What was being evaluated in this study?

In this study, we examined 672 allograft recipients at our center examining their HLA antibody burden by overall and by sex/parity and by donor type as well. I hypothesized that multipurpose women had a high HLA antibody burden, and that has impacted the choice of donor that was available for them with respect to their allograft access.

Could you summarize the findings?

We found that over 10% of patients were both broadly and highly sensitized against HLA, which is far more than maybe would have been expected. Again, considering that an analysis of this type had not been done before, but specifically, we showed that the multiparous female patients carried the majority of this HLA antibody burden. When we looked at the proportion of highly and broadly sensitized patients, we found that the majority of those patients were multiparous women, and again, multiparous women had the highest proportion with high and broad sensitization to HLA. We also showed that having a high burden of HLA antibodies was associated with choice of donor where haploidentical graft recipients in the study were the least likely to have either a positive HLA antibody screen or to be highly and broadly sensitized against HLA.

Now that a disparity has been determined, what are the next steps for evaluating this and overcoming it?

This study has multiple important implications.We know from the study that if [one is] evaluating a patient who is a multiparous female, it is important to consider upfront the challenge with respect to finding a haploidentical donor for them. This is increasingly relevant when you consider the intersectionality that such patients could have if they're also from a racial ethnic minority group. We know for example, that patients from underserved racial ethnic populations are less likely to have a fully matched unrelated donor available to them. If there are multiparous women that are less likely because of HLA antibody burden to have a haploidentical donor available to them. When you consider mismatched unrelated donor and cord blood, there are additional options that could be and should be pursued for these patients.

It is also important to recognize that there can be challenges accessing these grafts as well for the patients, where patients from underserved racial and ethnic minorities may be less likely to have an available, matched or mismatched, unrelated donor, and cord blood transplantation has been declining in our field and may not be an option at many transplant centers. These barriers stack for the multiparous female patients of non-European ancestry who are from racial ethnic minority, patients where if you go donor type by donor type, their population has challenges accessing grafts. It is important for us to consider that.

Now at the outset, the transplant center should be, at time of initial allograft evaluation, performing ancestry and parity histories for all their patients and be screening for HLA antibodies and should be using this information along with search prognosis score to triage patients early on to either need to be unrelated donor or to an alternative graft source, which should be pursued in earnest at the outset for these patients to ensure that patients can make it to transplant without delays. Futile unrelated donor searches should be abandoned as well.

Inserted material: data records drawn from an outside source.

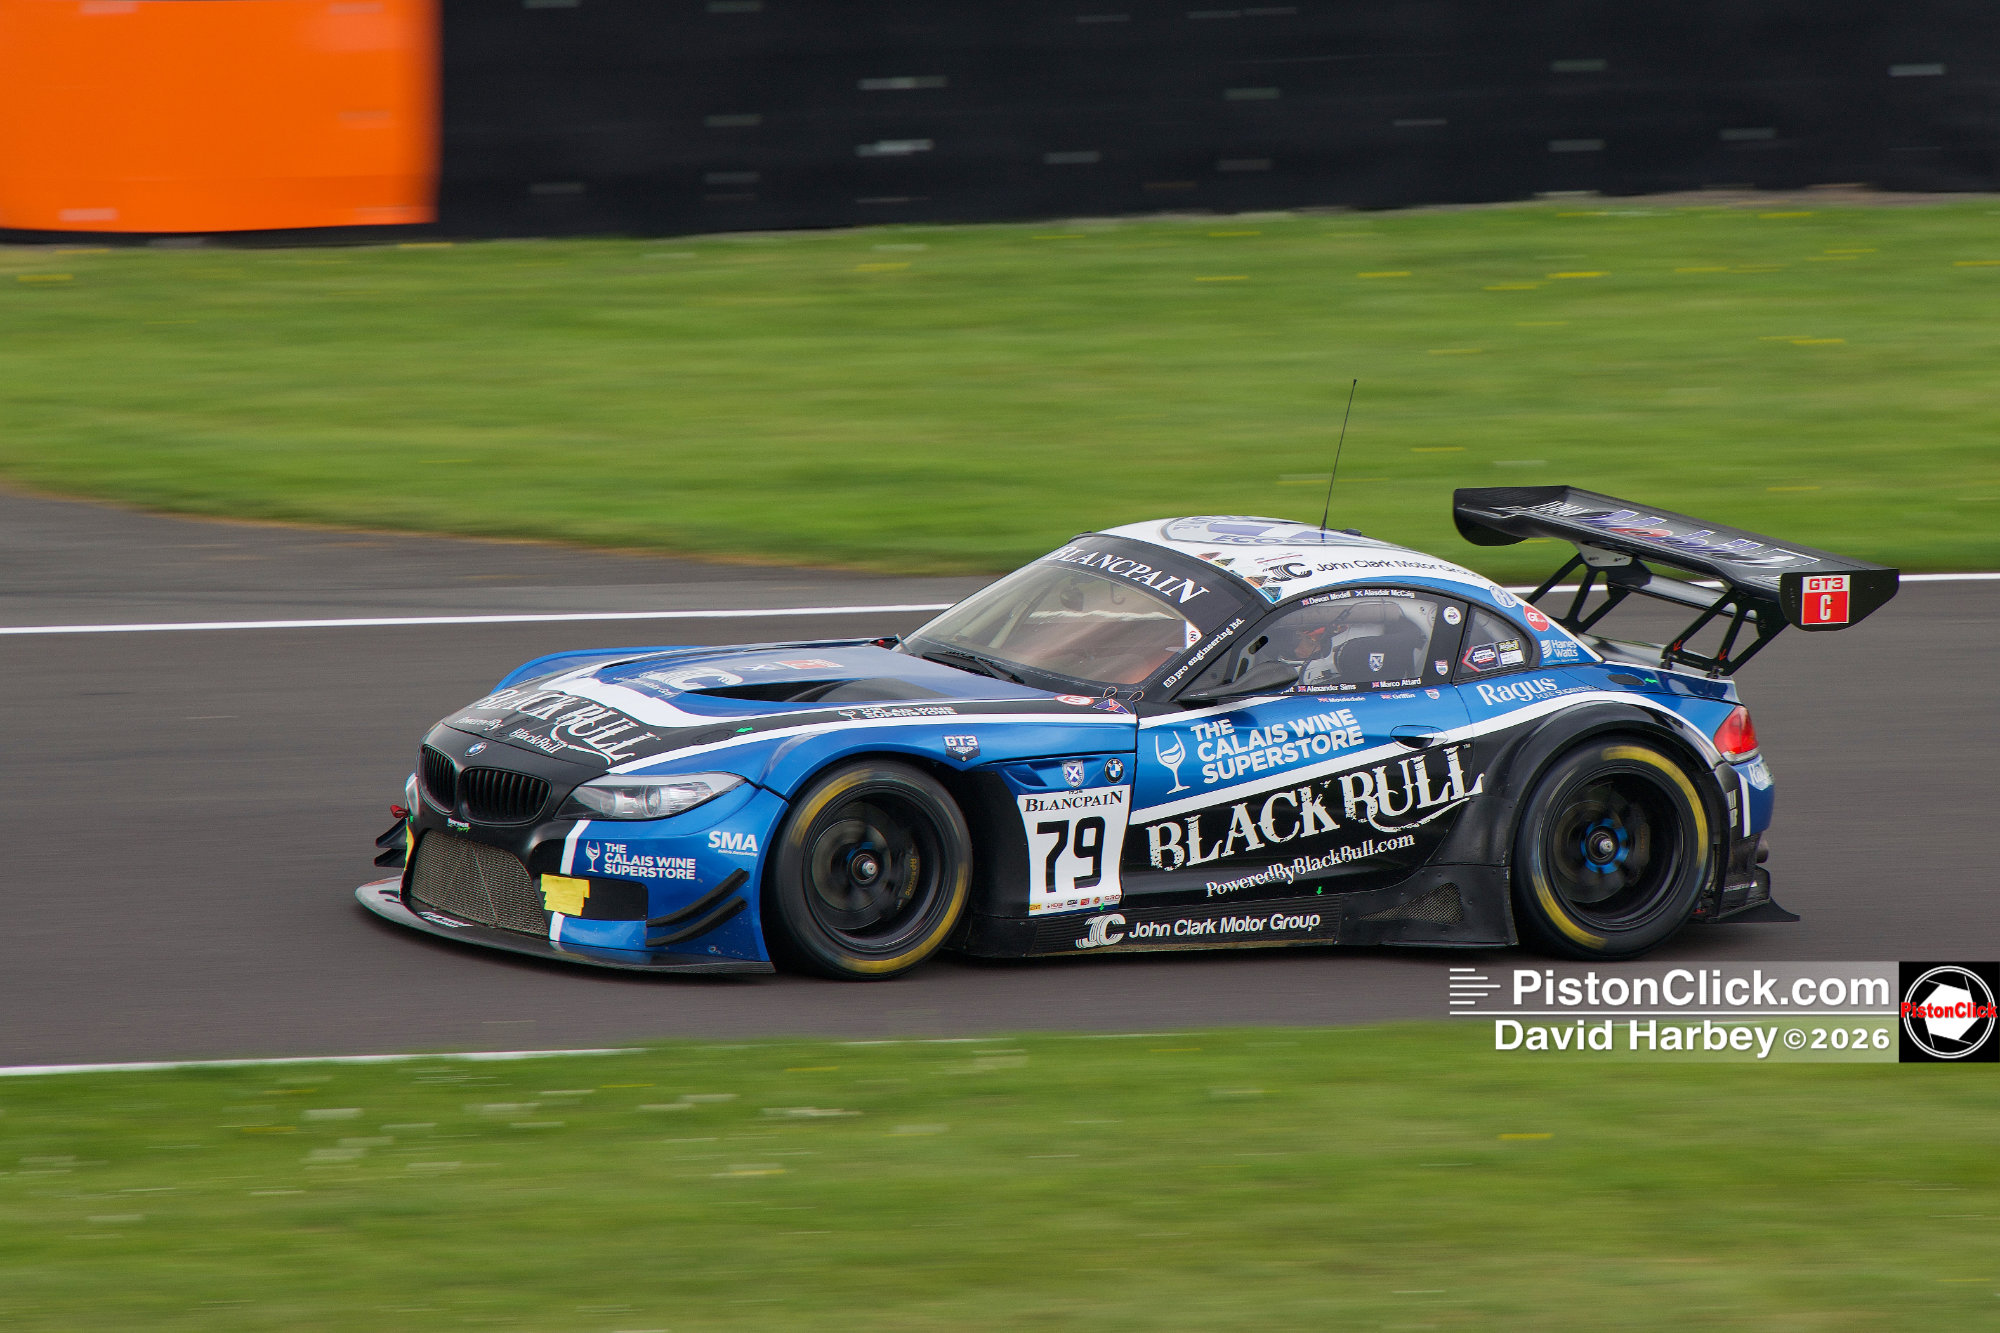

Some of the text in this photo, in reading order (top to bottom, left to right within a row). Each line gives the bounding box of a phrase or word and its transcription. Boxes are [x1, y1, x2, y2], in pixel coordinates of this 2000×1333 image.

[1044, 546, 1210, 604] BLANCPAIN
[1316, 561, 1354, 572] John
[1354, 559, 1394, 569] Clark
[1808, 577, 1844, 591] GT3
[1820, 594, 1832, 621] C
[1174, 664, 1189, 680] pro
[1188, 627, 1234, 667] engineering
[1551, 639, 1578, 649] Haines
[1553, 648, 1579, 658] Watts
[1306, 684, 1339, 693] Alexander
[1339, 683, 1357, 691] Sims
[1379, 678, 1422, 689] Marco Attard
[1475, 677, 1558, 706] Ragus
[468, 689, 578, 721] BLACK
[550, 698, 657, 766] BULL
[943, 735, 978, 747] GT3
[1191, 718, 1235, 743] THE
[1197, 708, 1358, 763] CALAIS WINE
[1202, 724, 1366, 785] SUPERSTORE
[1024, 790, 1124, 812] BLANCPAIN
[1145, 746, 1485, 872] BLACK BULL
[604, 843, 627, 854] THE
[707, 831, 759, 852] SMA
[604, 853, 696, 869] CALAIS WINE
[1036, 815, 1106, 894] 79
[1206, 834, 1416, 897] PoweredByBlackBull.com
[604, 863, 696, 880] SUPERSTORE
[1128, 920, 1171, 939] John
[1174, 918, 1216, 937] Clark
[1219, 915, 1267, 934] Motor
[1270, 913, 1321, 932] Group
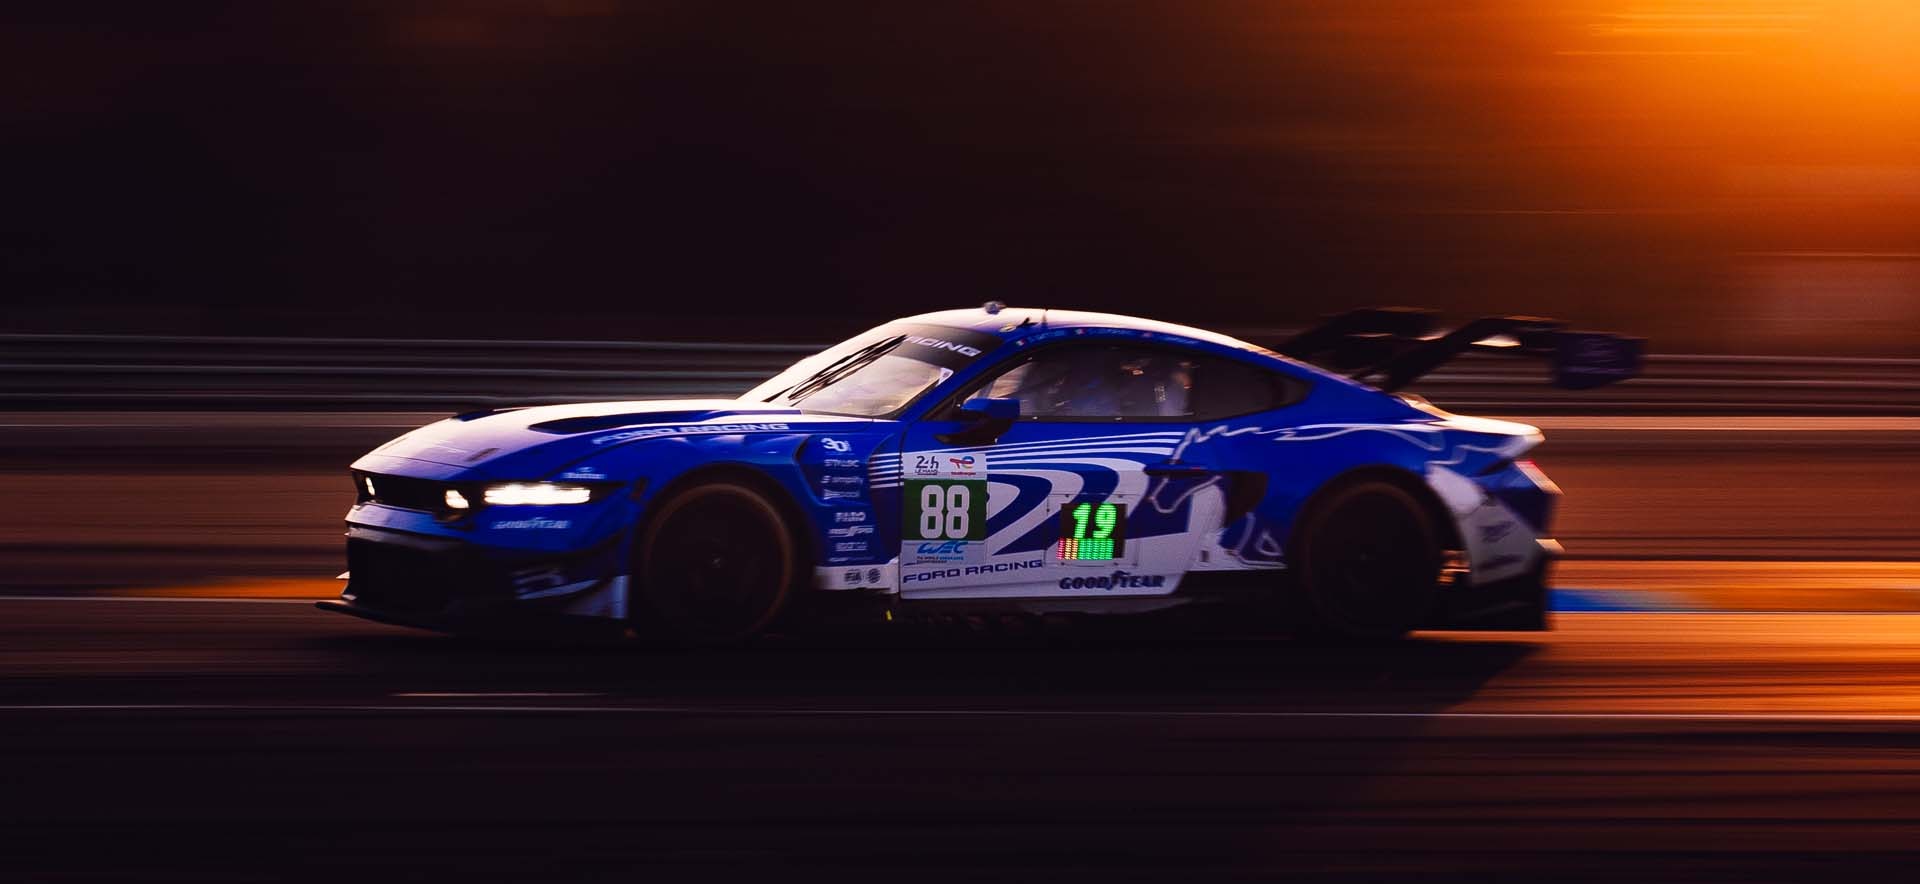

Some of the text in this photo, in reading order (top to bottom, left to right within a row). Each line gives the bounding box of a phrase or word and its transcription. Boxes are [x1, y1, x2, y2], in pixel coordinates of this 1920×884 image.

The abstract also highlights the urgent need to develop approaches to desensitize patients against HLA antibodies. We know that that will be important for all patients, and that patients with a history of pregnancies will be uplifted more greatly than the total patient population should we develop new approaches to desensitize patients to HLA antibodies.

Fingrut, W, Davis E, Archer A, et al. Gender disparities in allograft access due to HLA-sensitization in multiparous women: implications for evaluation of female patients for alternative donor transplantation. Presented at: 2024 Transplantation and Cellular Therapies Tandem Meeting. February 21-24, 2024. San Antonio, TX. Abstract 28.